MS has mostly abandoned that approach now. But during Windows 8 days? Yeah. There was a legitimate concern that MS will lock down Windows and try to funnel everything through Microsoft Store, establishing an Apple-style walled garden.
The concern was serious enough that Valve took a defensive posture and started investing into Linux support. Which, at first, largely failed - but eventually resulted in Steam Deck.
For sure, and I'm glad they backed off from it. I'm also glad they did it because of how it pushed Valve into making Steam OS so good. But Microsoft really did want to go down the same path, and I do not trust them not to try it again.
The Surface RT that I tried absolutely was, and everything else I'm seeing to make sure I'm not misremembering shows that Windows RT was still locked down. So you should expand on what you mean.

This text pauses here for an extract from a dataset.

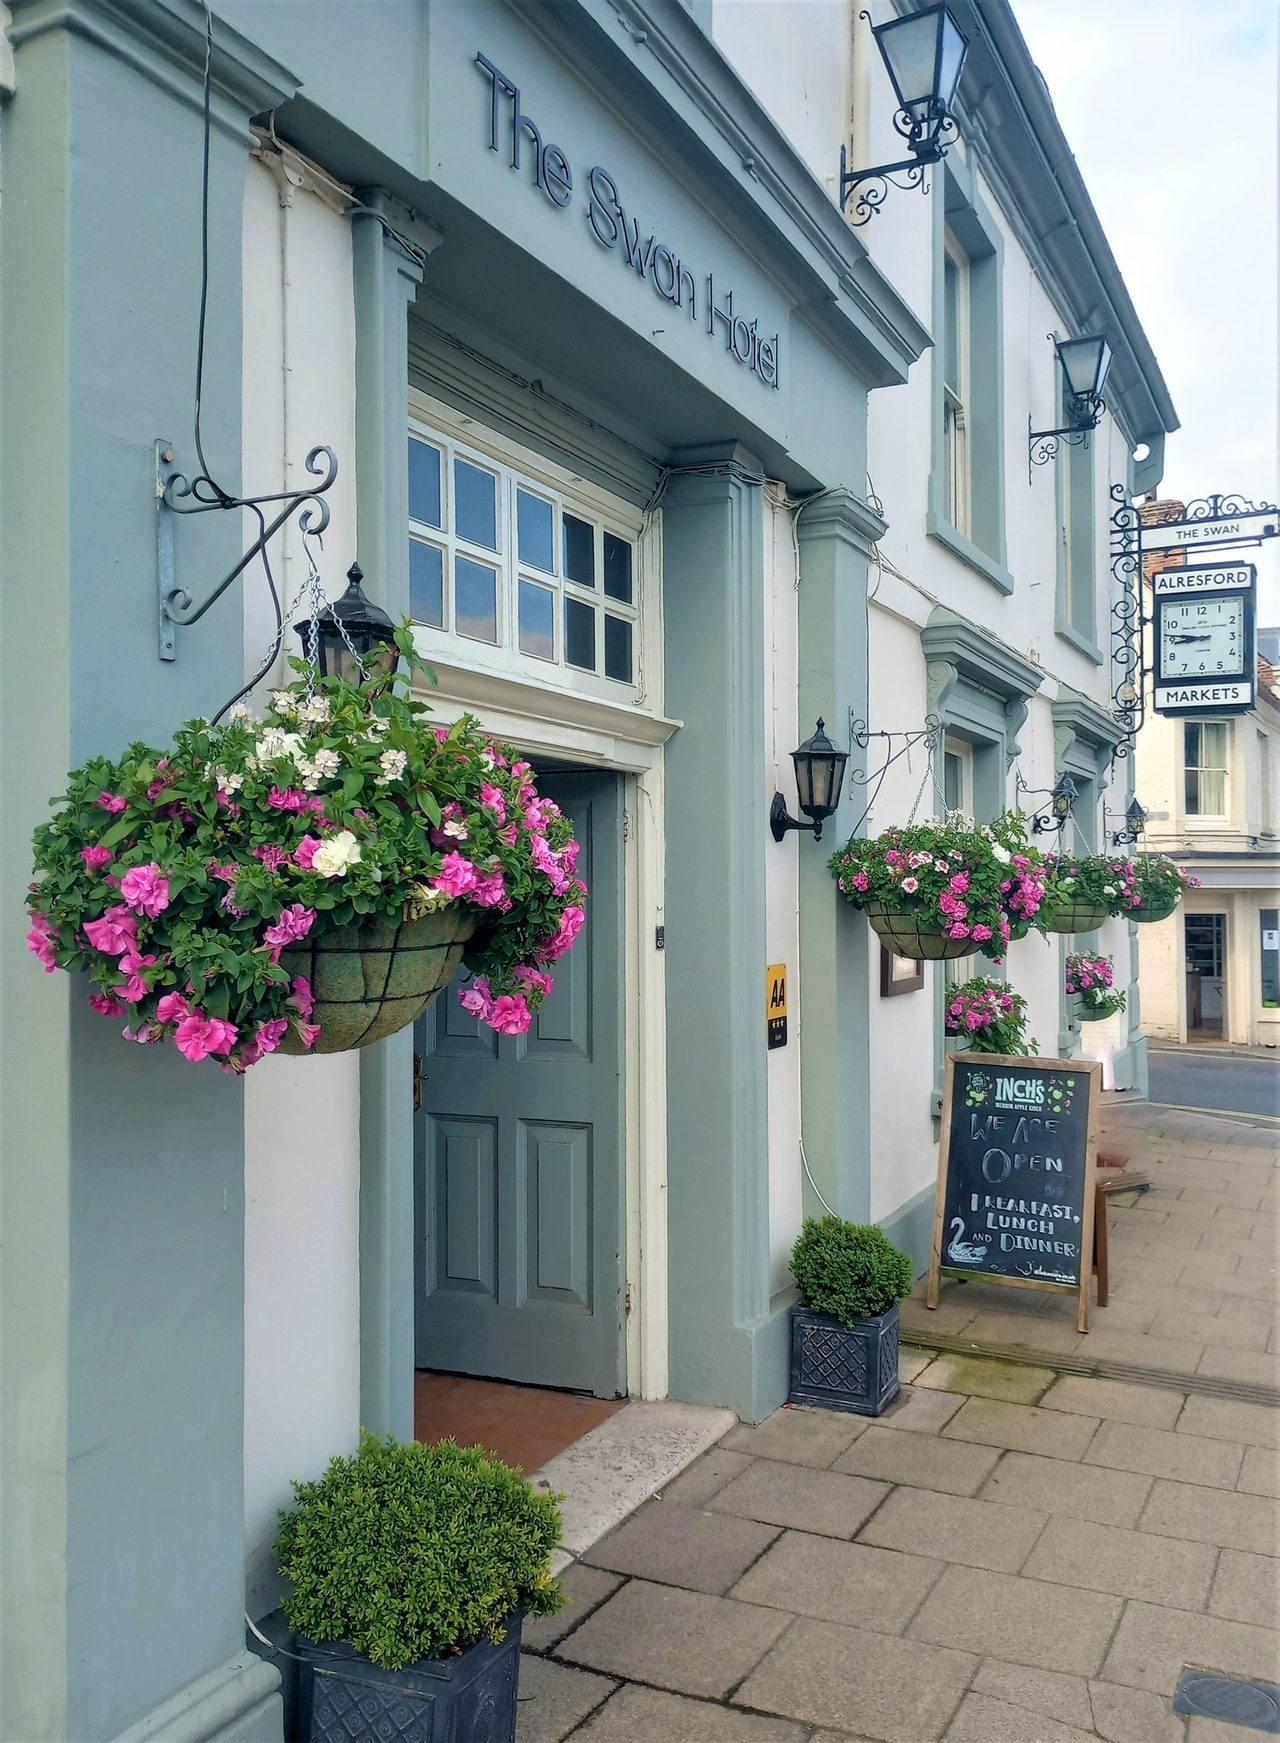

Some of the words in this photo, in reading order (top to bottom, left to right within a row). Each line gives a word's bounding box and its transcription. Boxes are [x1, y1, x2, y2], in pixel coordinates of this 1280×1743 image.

Windows S Mode shows that Microsoft still thinks this is a good idea, too.
You might be mixing up Windows RT and WinRT. The former was Windows 8 for ARM with the Store as the only software source; the latter was the new set of APIs.
These companies control content by exerting pressure on those they either control directly or indirectly, by denying them and their customers access to their services, if they in any way threaten the profitability of their business.
And when this kind of power it's consolidated with a handful of companies, you leave people with nowhere to go for any kind of real success. So you're forced to compromise your vision in order to get any shelf space.
> you leave people with nowhere to go for any kind of real success.
This game is available on Steam, Epic Games, itch.io, MacOS, Xbox, Switch, Playstation, iOS, and probably some more. Play Store is just one platform, a big one, sure, but it's not like there is a coordinated attack on banning this game from the internet.
I'm very hopeful for the "digital euro" that is planned in europe, and if it works and as they say brings digital, anonymous, online and offline transactions, that are not dependent on a private bank, I think it could be an amazing example that other countries could later follow
I wonder if this was coerced by Visa/MasterCard yet again, as they have done against many Japanese styled games in the past years. Despite some motions from the current administration, the payment processor monopoly seems keen on policing the public, which is one reason why crypto must still exist as a plan B payment method.